Saved entries
# # #

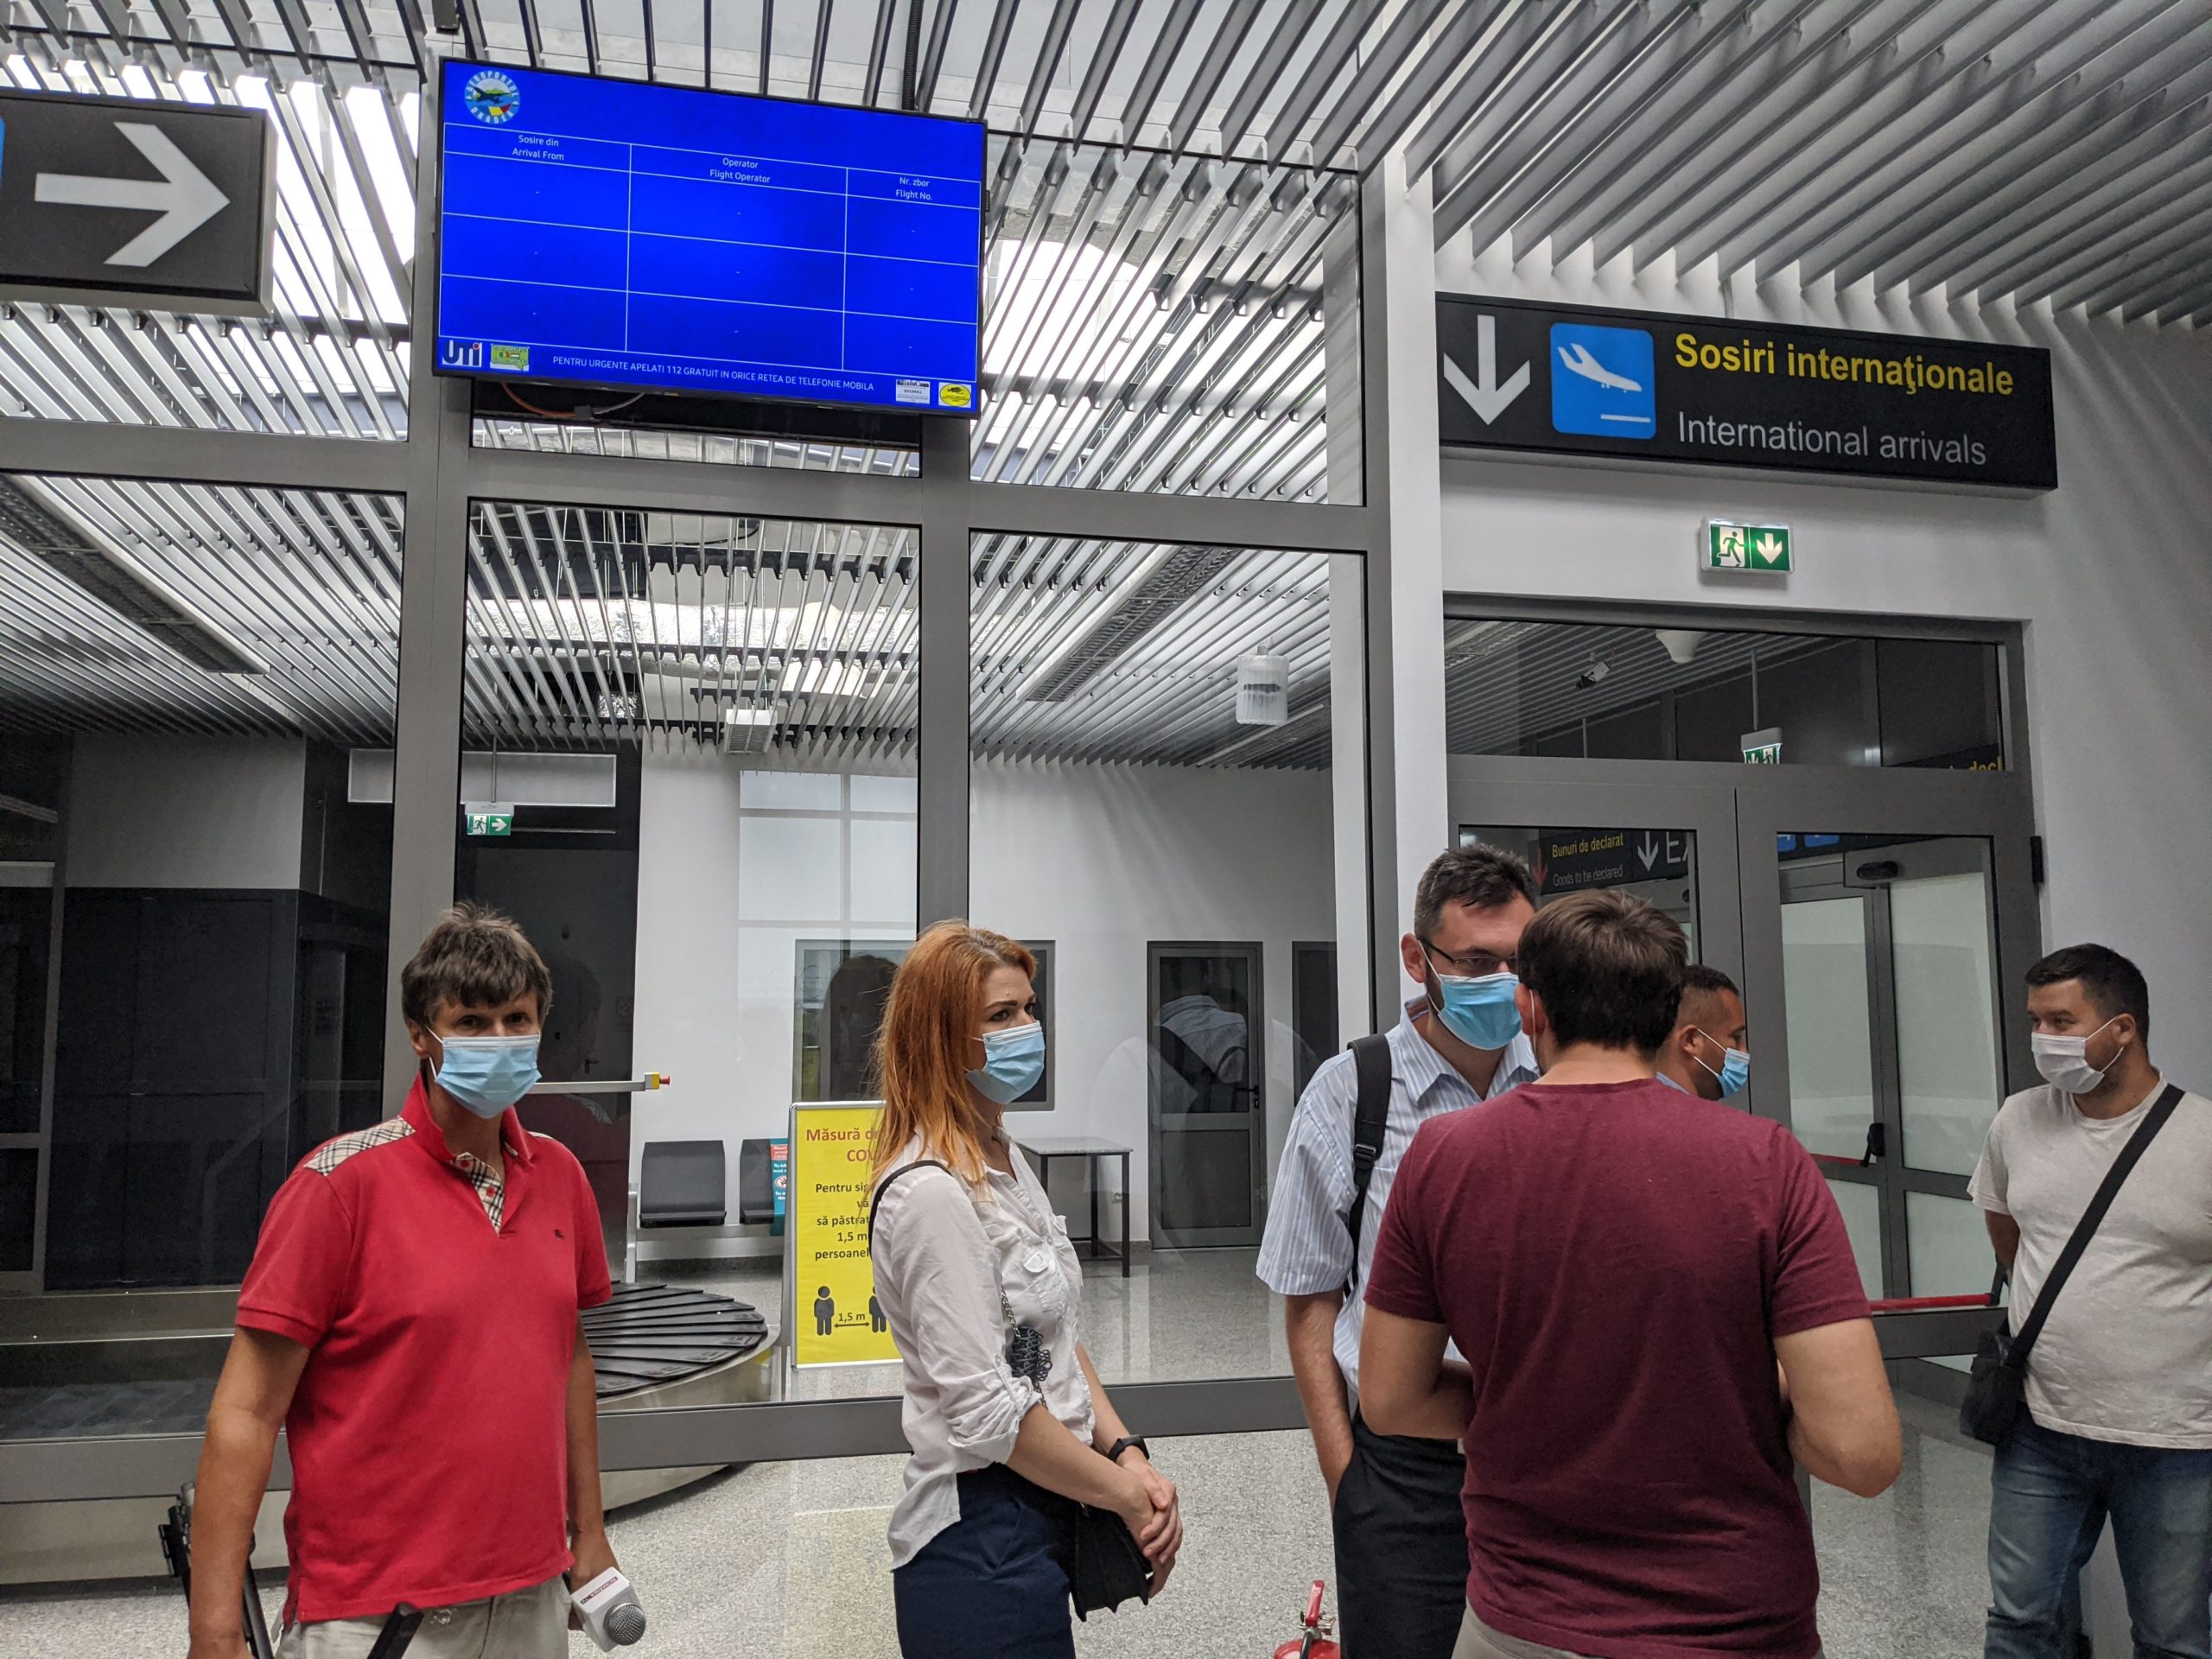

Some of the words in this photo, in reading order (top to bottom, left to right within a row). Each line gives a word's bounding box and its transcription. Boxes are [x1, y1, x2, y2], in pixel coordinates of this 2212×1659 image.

[518, 135, 544, 145] Sosire
[546, 138, 559, 147] din
[512, 148, 541, 158] Arrival
[543, 151, 564, 161] From
[722, 157, 759, 168] Operator
[709, 168, 734, 180] Flight
[735, 172, 771, 183] Operator
[899, 176, 912, 185] Nr.
[912, 178, 930, 187] zbor
[895, 188, 918, 200] Flight
[919, 192, 932, 200] No.
[1675, 333, 1776, 374] Sosiri
[553, 356, 588, 367] PENTRU
[588, 359, 628, 371] URGENTE
[630, 363, 664, 373] APELATI
[667, 365, 682, 375] 112
[683, 367, 719, 378] GRATUIT
[721, 370, 729, 378] IN
[731, 371, 756, 381] ORICE
[758, 373, 784, 383] RETEA
[785, 376, 797, 385] DE
[798, 377, 842, 388] TELEFONIE
[843, 381, 874, 391] MOBILA
[1678, 410, 1869, 457] International
[1879, 430, 1986, 466] arrivals
[1552, 841, 1578, 858] Bunuri
[1579, 838, 1589, 853] de
[1591, 832, 1624, 851] declarat
[1553, 872, 1573, 887] Goods
[1574, 870, 1582, 883] to
[1583, 869, 1592, 882] be
[1593, 864, 1624, 880] declared
[806, 1127, 861, 1141] Măsură
[816, 1183, 852, 1193] Pentru
[817, 1215, 829, 1226] să
[837, 1231, 854, 1243] 1,5
[857, 1232, 868, 1241] m
[838, 1312, 853, 1322] 1,5

# # #

§ **WHAT TO PRODUCE**: In your copy, reproduce the data above exactly and skip every picture.

§ **WRITTEN RESPONSE**:
Some of the words in this photo, in reading order (top to bottom, left to right within a row). Each line gives a word's bounding box and its transcription. Boxes are [x1, y1, x2, y2], in pixel coordinates of this 2212×1659 image.

[518, 135, 544, 145] Sosire
[546, 138, 559, 147] din
[512, 148, 541, 158] Arrival
[543, 151, 564, 161] From
[722, 157, 759, 168] Operator
[709, 168, 734, 180] Flight
[735, 172, 771, 183] Operator
[899, 176, 912, 185] Nr.
[912, 178, 930, 187] zbor
[895, 188, 918, 200] Flight
[919, 192, 932, 200] No.
[1675, 333, 1776, 374] Sosiri
[553, 356, 588, 367] PENTRU
[588, 359, 628, 371] URGENTE
[630, 363, 664, 373] APELATI
[667, 365, 682, 375] 112
[683, 367, 719, 378] GRATUIT
[721, 370, 729, 378] IN
[731, 371, 756, 381] ORICE
[758, 373, 784, 383] RETEA
[785, 376, 797, 385] DE
[798, 377, 842, 388] TELEFONIE
[843, 381, 874, 391] MOBILA
[1678, 410, 1869, 457] International
[1879, 430, 1986, 466] arrivals
[1552, 841, 1578, 858] Bunuri
[1579, 838, 1589, 853] de
[1591, 832, 1624, 851] declarat
[1553, 872, 1573, 887] Goods
[1574, 870, 1582, 883] to
[1583, 869, 1592, 882] be
[1593, 864, 1624, 880] declared
[806, 1127, 861, 1141] Măsură
[816, 1183, 852, 1193] Pentru
[817, 1215, 829, 1226] să
[837, 1231, 854, 1243] 1,5
[857, 1232, 868, 1241] m
[838, 1312, 853, 1322] 1,5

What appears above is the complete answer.